*WHAT YOU ARE ASKED TO DO:*
What follows is a set of records. Repeat every one of them exactly.

[Opening STORED DATA section]

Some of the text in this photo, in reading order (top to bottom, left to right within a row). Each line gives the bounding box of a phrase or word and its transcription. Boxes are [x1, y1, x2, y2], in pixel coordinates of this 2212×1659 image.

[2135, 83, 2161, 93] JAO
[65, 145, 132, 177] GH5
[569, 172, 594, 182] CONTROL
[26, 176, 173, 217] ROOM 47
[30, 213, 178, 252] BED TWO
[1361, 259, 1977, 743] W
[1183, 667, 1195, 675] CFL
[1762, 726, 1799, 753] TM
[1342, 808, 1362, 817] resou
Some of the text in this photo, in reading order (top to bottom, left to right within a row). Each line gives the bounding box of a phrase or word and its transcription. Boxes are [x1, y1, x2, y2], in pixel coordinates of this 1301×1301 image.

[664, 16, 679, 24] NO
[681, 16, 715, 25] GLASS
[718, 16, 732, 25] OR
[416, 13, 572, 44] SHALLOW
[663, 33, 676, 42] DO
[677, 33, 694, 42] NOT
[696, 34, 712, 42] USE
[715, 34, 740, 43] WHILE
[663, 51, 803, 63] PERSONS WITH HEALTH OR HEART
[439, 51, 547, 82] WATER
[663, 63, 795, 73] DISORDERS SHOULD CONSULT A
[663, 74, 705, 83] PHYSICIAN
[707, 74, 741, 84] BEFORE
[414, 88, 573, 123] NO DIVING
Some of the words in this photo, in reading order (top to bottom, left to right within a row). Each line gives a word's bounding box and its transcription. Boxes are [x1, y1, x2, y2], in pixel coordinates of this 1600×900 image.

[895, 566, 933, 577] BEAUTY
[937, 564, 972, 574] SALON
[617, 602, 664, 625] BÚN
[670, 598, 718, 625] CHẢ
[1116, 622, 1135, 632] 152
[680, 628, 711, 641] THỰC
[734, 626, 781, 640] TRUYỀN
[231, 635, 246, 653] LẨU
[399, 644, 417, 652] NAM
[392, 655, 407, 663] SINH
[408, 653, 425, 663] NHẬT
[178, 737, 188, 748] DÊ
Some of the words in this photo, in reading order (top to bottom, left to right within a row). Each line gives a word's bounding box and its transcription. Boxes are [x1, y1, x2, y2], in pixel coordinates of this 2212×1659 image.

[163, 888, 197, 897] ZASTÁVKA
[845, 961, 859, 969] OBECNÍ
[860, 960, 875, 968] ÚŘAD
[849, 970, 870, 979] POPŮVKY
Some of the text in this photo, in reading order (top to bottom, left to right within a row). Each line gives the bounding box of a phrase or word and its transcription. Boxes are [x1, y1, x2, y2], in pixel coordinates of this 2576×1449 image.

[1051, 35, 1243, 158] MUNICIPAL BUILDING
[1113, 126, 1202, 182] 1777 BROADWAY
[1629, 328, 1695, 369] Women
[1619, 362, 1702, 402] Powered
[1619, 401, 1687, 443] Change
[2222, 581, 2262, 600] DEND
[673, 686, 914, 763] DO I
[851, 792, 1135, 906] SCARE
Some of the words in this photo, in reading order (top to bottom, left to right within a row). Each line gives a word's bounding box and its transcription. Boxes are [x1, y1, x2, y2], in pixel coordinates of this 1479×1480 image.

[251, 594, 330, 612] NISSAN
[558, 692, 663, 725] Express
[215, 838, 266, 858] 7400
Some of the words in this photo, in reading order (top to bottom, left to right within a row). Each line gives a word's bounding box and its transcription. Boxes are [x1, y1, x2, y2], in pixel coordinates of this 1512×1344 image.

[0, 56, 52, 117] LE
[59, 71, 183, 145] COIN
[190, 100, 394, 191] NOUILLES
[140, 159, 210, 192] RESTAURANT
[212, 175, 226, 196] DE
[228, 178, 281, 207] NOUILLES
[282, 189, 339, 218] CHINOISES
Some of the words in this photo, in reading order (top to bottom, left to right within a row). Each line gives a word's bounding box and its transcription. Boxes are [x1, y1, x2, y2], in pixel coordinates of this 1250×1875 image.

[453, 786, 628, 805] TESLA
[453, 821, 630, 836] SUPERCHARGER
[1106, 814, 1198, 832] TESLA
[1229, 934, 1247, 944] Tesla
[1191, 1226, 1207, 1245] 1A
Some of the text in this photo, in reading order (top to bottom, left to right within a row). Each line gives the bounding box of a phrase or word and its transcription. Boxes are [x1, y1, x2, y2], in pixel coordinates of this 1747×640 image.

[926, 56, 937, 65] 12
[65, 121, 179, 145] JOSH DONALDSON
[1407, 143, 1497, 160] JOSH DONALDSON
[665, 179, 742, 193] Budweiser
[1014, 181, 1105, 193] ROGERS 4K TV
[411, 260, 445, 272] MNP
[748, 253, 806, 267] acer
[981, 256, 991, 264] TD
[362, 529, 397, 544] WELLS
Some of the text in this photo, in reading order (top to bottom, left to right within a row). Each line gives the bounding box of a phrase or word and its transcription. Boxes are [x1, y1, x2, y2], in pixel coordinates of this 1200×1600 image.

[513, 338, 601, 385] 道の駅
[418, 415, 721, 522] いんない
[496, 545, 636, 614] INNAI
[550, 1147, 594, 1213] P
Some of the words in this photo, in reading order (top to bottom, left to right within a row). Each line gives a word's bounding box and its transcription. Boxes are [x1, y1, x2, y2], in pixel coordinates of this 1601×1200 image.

[Closing STORED DATA section]

*WRITTEN ANSWER:*
Some of the text in this photo, in reading order (top to bottom, left to right within a row). Each line gives the bounding box of a phrase or word and its transcription. Boxes are [x1, y1, x2, y2], in pixel coordinates of this 2212×1659 image.

[2135, 83, 2161, 93] JAO
[65, 145, 132, 177] GH5
[569, 172, 594, 182] CONTROL
[26, 176, 173, 217] ROOM 47
[30, 213, 178, 252] BED TWO
[1361, 259, 1977, 743] W
[1183, 667, 1195, 675] CFL
[1762, 726, 1799, 753] TM
[1342, 808, 1362, 817] resou
Some of the text in this photo, in reading order (top to bottom, left to right within a row). Each line gives the bounding box of a phrase or word and its transcription. Boxes are [x1, y1, x2, y2], in pixel coordinates of this 1301×1301 image.

[664, 16, 679, 24] NO
[681, 16, 715, 25] GLASS
[718, 16, 732, 25] OR
[416, 13, 572, 44] SHALLOW
[663, 33, 676, 42] DO
[677, 33, 694, 42] NOT
[696, 34, 712, 42] USE
[715, 34, 740, 43] WHILE
[663, 51, 803, 63] PERSONS WITH HEALTH OR HEART
[439, 51, 547, 82] WATER
[663, 63, 795, 73] DISORDERS SHOULD CONSULT A
[663, 74, 705, 83] PHYSICIAN
[707, 74, 741, 84] BEFORE
[414, 88, 573, 123] NO DIVING
Some of the words in this photo, in reading order (top to bottom, left to right within a row). Each line gives a word's bounding box and its transcription. Boxes are [x1, y1, x2, y2], in pixel coordinates of this 1600×900 image.

[895, 566, 933, 577] BEAUTY
[937, 564, 972, 574] SALON
[617, 602, 664, 625] BÚN
[670, 598, 718, 625] CHẢ
[1116, 622, 1135, 632] 152
[680, 628, 711, 641] THỰC
[734, 626, 781, 640] TRUYỀN
[231, 635, 246, 653] LẨU
[399, 644, 417, 652] NAM
[392, 655, 407, 663] SINH
[408, 653, 425, 663] NHẬT
[178, 737, 188, 748] DÊ
Some of the words in this photo, in reading order (top to bottom, left to right within a row). Each line gives a word's bounding box and its transcription. Boxes are [x1, y1, x2, y2], in pixel coordinates of this 2212×1659 image.

[163, 888, 197, 897] ZASTÁVKA
[845, 961, 859, 969] OBECNÍ
[860, 960, 875, 968] ÚŘAD
[849, 970, 870, 979] POPŮVKY
Some of the text in this photo, in reading order (top to bottom, left to right within a row). Each line gives the bounding box of a phrase or word and its transcription. Boxes are [x1, y1, x2, y2], in pixel coordinates of this 2576×1449 image.

[1051, 35, 1243, 158] MUNICIPAL BUILDING
[1113, 126, 1202, 182] 1777 BROADWAY
[1629, 328, 1695, 369] Women
[1619, 362, 1702, 402] Powered
[1619, 401, 1687, 443] Change
[2222, 581, 2262, 600] DEND
[673, 686, 914, 763] DO I
[851, 792, 1135, 906] SCARE
Some of the words in this photo, in reading order (top to bottom, left to right within a row). Each line gives a word's bounding box and its transcription. Boxes are [x1, y1, x2, y2], in pixel coordinates of this 1479×1480 image.

[251, 594, 330, 612] NISSAN
[558, 692, 663, 725] Express
[215, 838, 266, 858] 7400
Some of the words in this photo, in reading order (top to bottom, left to right within a row). Each line gives a word's bounding box and its transcription. Boxes are [x1, y1, x2, y2], in pixel coordinates of this 1512×1344 image.

[0, 56, 52, 117] LE
[59, 71, 183, 145] COIN
[190, 100, 394, 191] NOUILLES
[140, 159, 210, 192] RESTAURANT
[212, 175, 226, 196] DE
[228, 178, 281, 207] NOUILLES
[282, 189, 339, 218] CHINOISES
Some of the words in this photo, in reading order (top to bottom, left to right within a row). Each line gives a word's bounding box and its transcription. Boxes are [x1, y1, x2, y2], in pixel coordinates of this 1250×1875 image.

[453, 786, 628, 805] TESLA
[453, 821, 630, 836] SUPERCHARGER
[1106, 814, 1198, 832] TESLA
[1229, 934, 1247, 944] Tesla
[1191, 1226, 1207, 1245] 1A
Some of the text in this photo, in reading order (top to bottom, left to right within a row). Each line gives the bounding box of a phrase or word and its transcription. Boxes are [x1, y1, x2, y2], in pixel coordinates of this 1747×640 image.

[926, 56, 937, 65] 12
[65, 121, 179, 145] JOSH DONALDSON
[1407, 143, 1497, 160] JOSH DONALDSON
[665, 179, 742, 193] Budweiser
[1014, 181, 1105, 193] ROGERS 4K TV
[411, 260, 445, 272] MNP
[748, 253, 806, 267] acer
[981, 256, 991, 264] TD
[362, 529, 397, 544] WELLS
Some of the text in this photo, in reading order (top to bottom, left to right within a row). Each line gives the bounding box of a phrase or word and its transcription. Boxes are [x1, y1, x2, y2], in pixel coordinates of this 1200×1600 image.

[513, 338, 601, 385] 道の駅
[418, 415, 721, 522] いんない
[496, 545, 636, 614] INNAI
[550, 1147, 594, 1213] P
Some of the words in this photo, in reading order (top to bottom, left to right within a row). Each line gives a word's bounding box and its transcription. Boxes are [x1, y1, x2, y2], in pixel coordinates of this 1601×1200 image.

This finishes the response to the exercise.